In keeping with prosecutors, Ana Walshe’s telephone has been turned off because it pinged close to the household residence in Cohasset simply after 3 a.m. Jan. 2, a day after Brian Walshe told police his wife left the home to catch a flight to Washington from Logan Airport, which authorities couldn’t affirm. There has not been any exercise on Ana Walshe’s bank cards since she was final seen, prosecutors mentioned.

‘She is … very a lot hooked up to her household’
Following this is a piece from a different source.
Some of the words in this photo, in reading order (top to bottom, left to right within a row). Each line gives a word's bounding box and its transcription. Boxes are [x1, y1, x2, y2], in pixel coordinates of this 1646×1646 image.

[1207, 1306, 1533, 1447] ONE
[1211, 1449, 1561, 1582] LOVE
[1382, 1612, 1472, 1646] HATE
A spokesperson for the Massachusetts Division of Kids and Households beforehand mentioned that the Walshes’ three kids are in state custody and declined to supply extra data, citing state and federal privateness legal guidelines.
Ljubicic mentioned that so far as she is aware of, the youngsters are in state custody and “doing properly,” including, “I don’t know the place precisely they’re.”
She added that she isn’t able to taking custody of the kids herself, citing numerous well being points together with coronary heart issues, diabetes and hypertension.
Ana Walshe was born in Belgrade and holds twin citizenship in Serbia and the U.S., Vlacic beforehand confirmed.
Ljubicic described her daughter as “a extremely distinctive little one, that I can inform you as her mom,” she mentioned.
“She could be very hard-working, skillful, very a lot hooked up to her household,” Ljubicic added.
Jovana Djurovic reported from Belgrade, Serbia. Julianne McShane reported from New York.